Does the multivalued dependency B->>C hold?
Is B definitely a unique key?
Is R in 4NF?
I understand lossless decomposition - if you take the natural join of the two sets above - you are given the original dataset i.e in this case A,B,C.
But I just cannot grasp how to take the given information and prove/confirm that B->>C holds or if it does not.
I emailed my professor about my confusion and he just told me to look over his notes (which I've obviously done numerous times) and it's gotten me nowhere.
Does the multivalued dependency B->>C hold?
You have been told some things about MVDs. One of them is probably:
A decomposition of R into (X, Y) and (X, R − Y) is a lossless-join
decomposition if and only if X ->> Y holds in R.
In your case R is {A,B,C}, X is {B}, Y is {A} and R - Y = {A,B,C} - {A} = {B,C}. So a decomposition of R into (B,A) and (B,C) is a lossless-join decomposition if and only if {B,A} ->> {B,C} holds in R. But we are given that decomposition of R into (B,A) and (B,C) is a lossless-join decomposition. So {B,A} ->> {B,C} holds in R.

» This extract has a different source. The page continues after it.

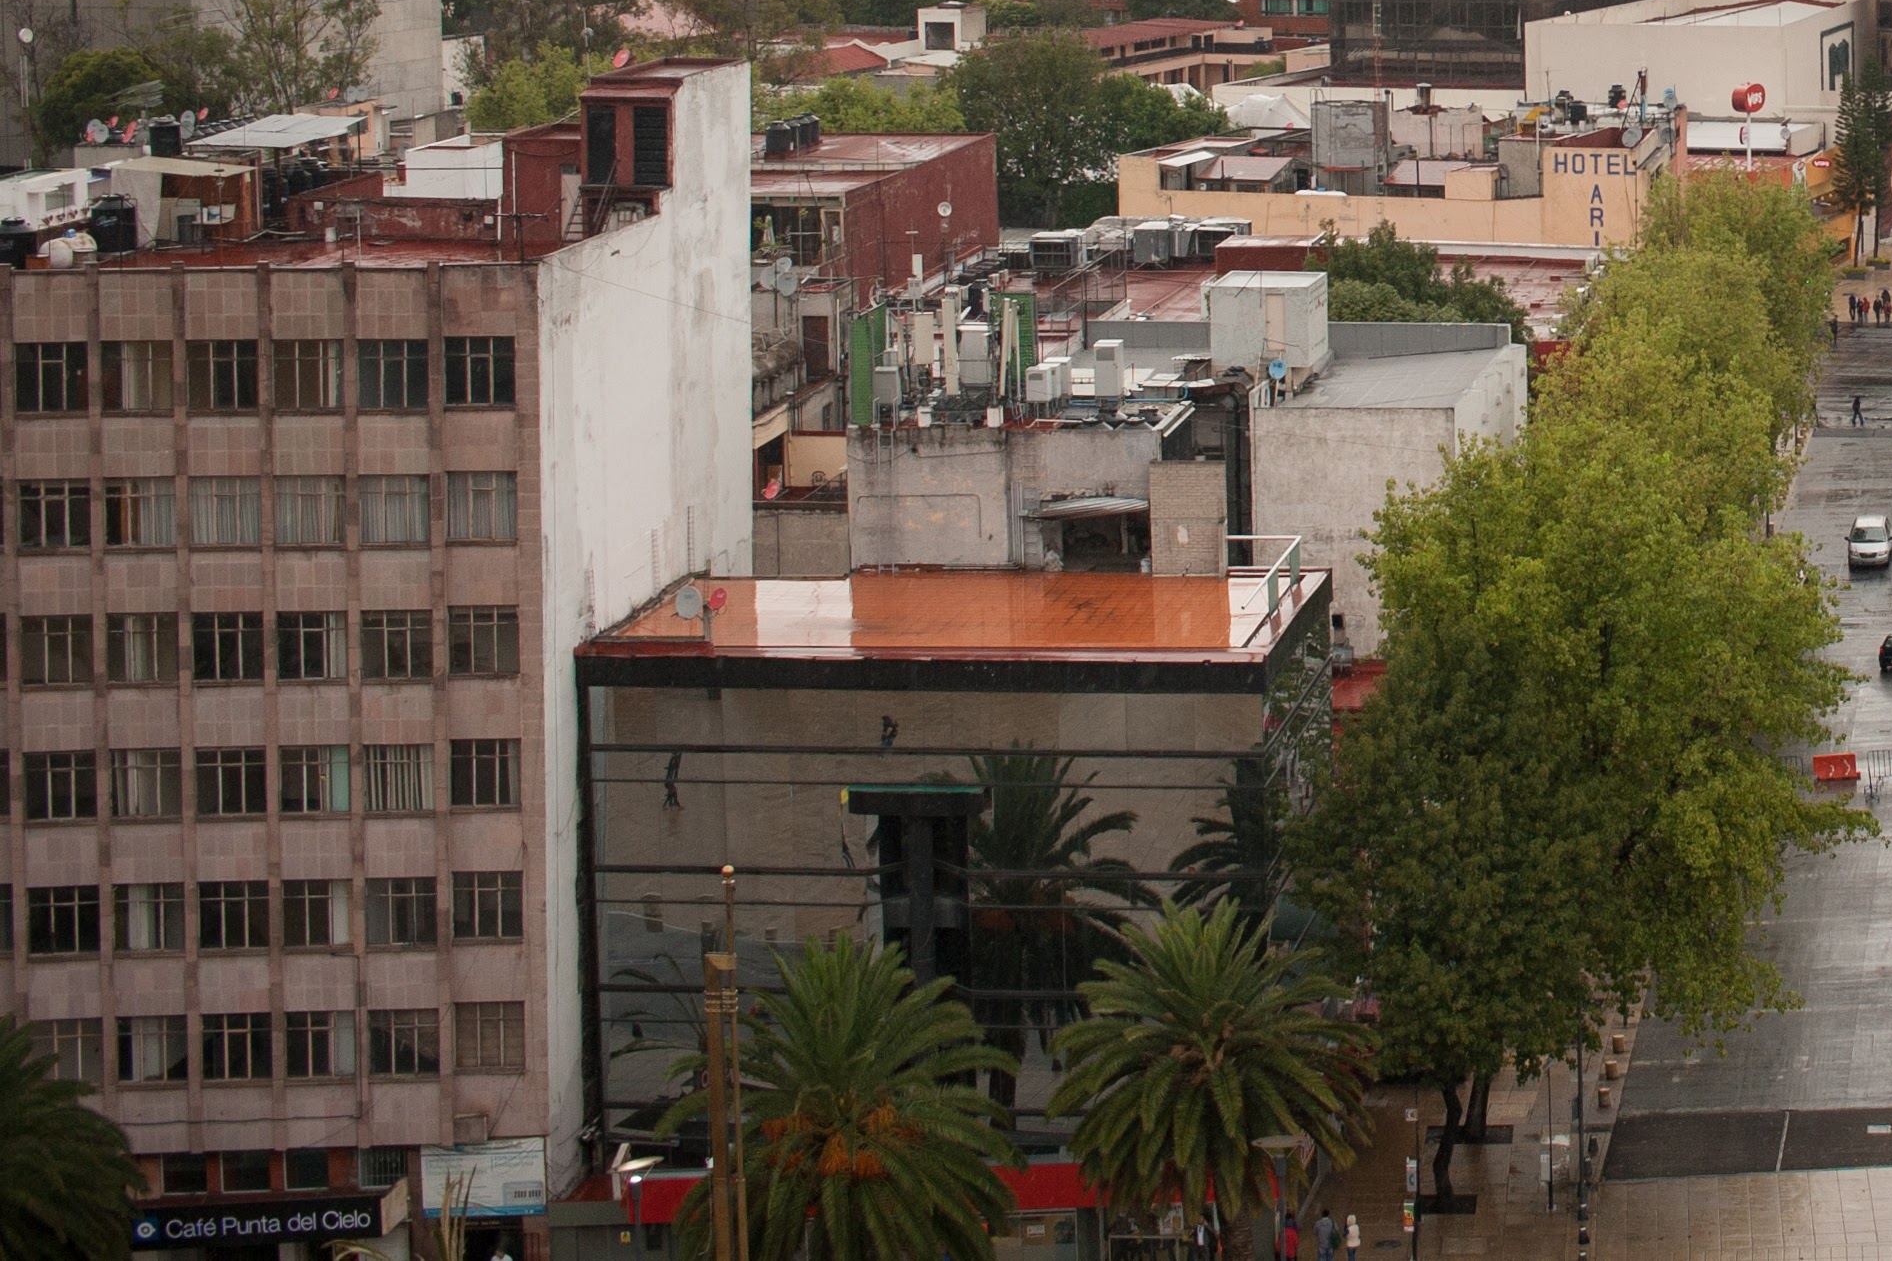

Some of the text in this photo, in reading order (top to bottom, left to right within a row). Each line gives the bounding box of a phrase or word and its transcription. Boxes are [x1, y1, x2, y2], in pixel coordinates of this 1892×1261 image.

[1554, 153, 1637, 175] HOTEL
[165, 1209, 371, 1239] Café Punta del Cielo

Is B definitely a unique key?
I can't make sense of that.
Maybe you are trying to say that we are given that {A,C} is a CK (candidate key) of R but that there might be other CKs and you are trying to ask whether the decompositionality means that {B} must also be a CK of R. Let's look for a counterexample. Pick a simplest example. Suppose R is {(a,b,c1),(a,b,c2)} = {(a,b)} JOIN {(b,c1),(b,c2)}. This agrees with R CK {A,C} & R MVD {B,A} ->> {B,C}. But b appears with c1 and c2 so {B} does not functionally determine all other attributes so {B} is not a CK of R. So that CK and that MVD do not force that {B} is a CK.
Is R in 4NF?
You have been told some things about 4NF. One is probably that:
A Table is in 4NF if and only if, for every one of its non-trivial
multivalued dependencies X ->> Y, X is a superkey
The MVD {B,A} ->> {B,C} is non-trivial. But to show whether R must be in 4NF or must not be in 4NF or that we can't tell, you are going to have to address possible sets of non-trivial MVDs that could hold in R and CKs that R could have.